(Spatial localization data)
■ ■ ■

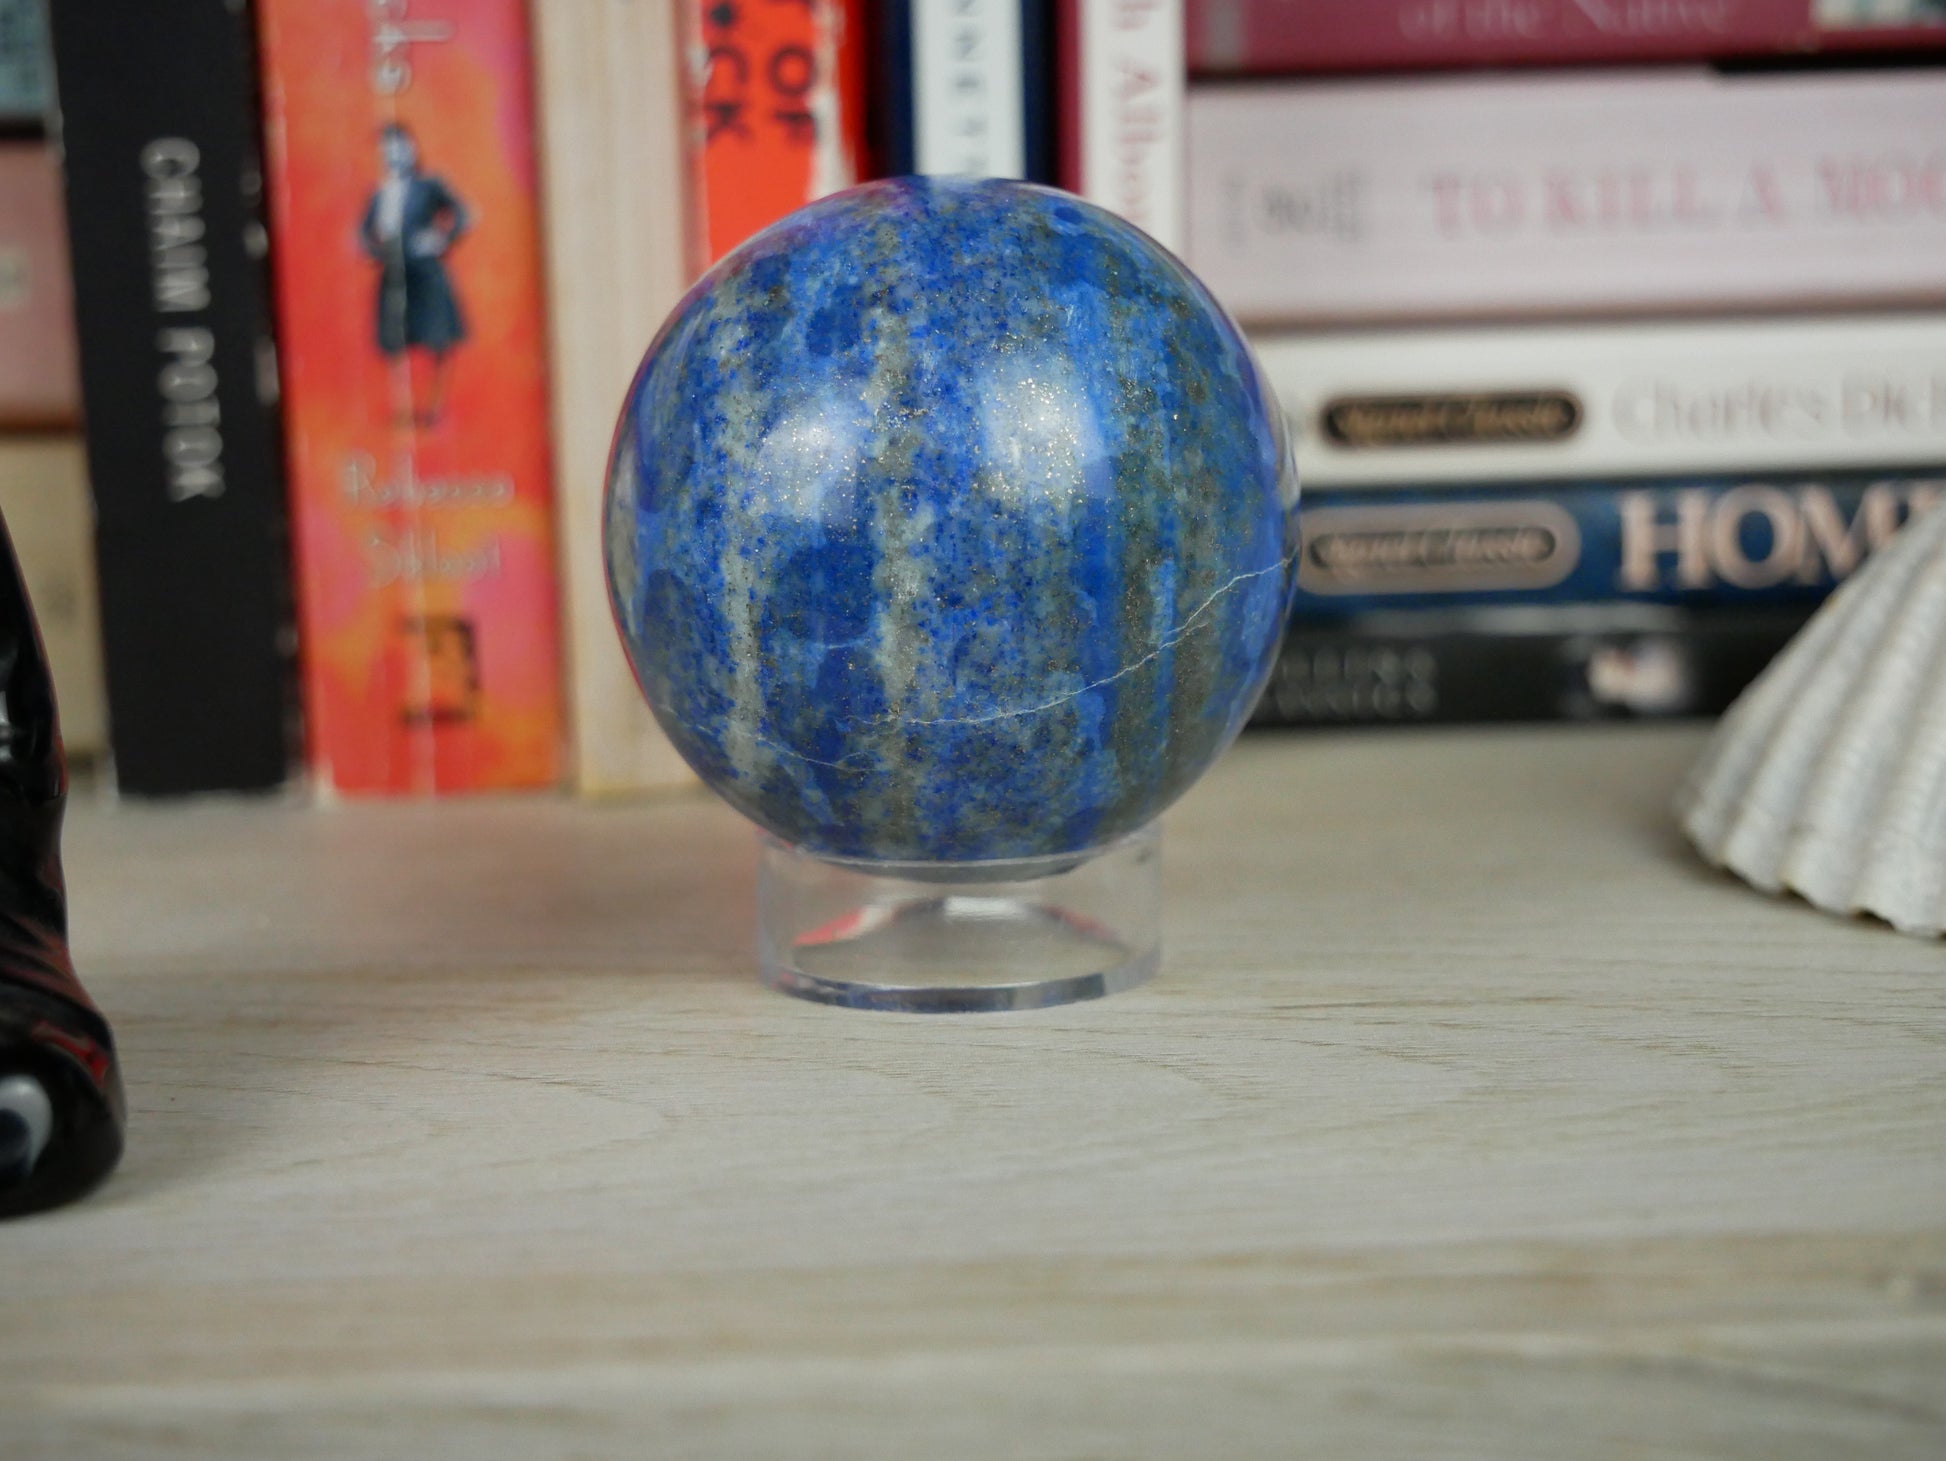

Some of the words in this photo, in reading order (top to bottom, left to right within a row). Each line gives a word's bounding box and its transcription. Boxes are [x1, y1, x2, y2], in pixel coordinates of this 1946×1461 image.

[140, 136, 211, 312] CHAIM
[1428, 170, 1522, 238] TO
[1544, 163, 1703, 232] KILL
[1738, 162, 1785, 228] A
[156, 326, 226, 502] POTOK
[1615, 482, 1946, 592] HOM

■ ■ ■

Please transcribe all of the entries word for word, with the pictures left out.

Some of the words in this photo, in reading order (top to bottom, left to right within a row). Each line gives a word's bounding box and its transcription. Boxes are [x1, y1, x2, y2], in pixel coordinates of this 1946×1461 image.

[140, 136, 211, 312] CHAIM
[1428, 170, 1522, 238] TO
[1544, 163, 1703, 232] KILL
[1738, 162, 1785, 228] A
[156, 326, 226, 502] POTOK
[1615, 482, 1946, 592] HOM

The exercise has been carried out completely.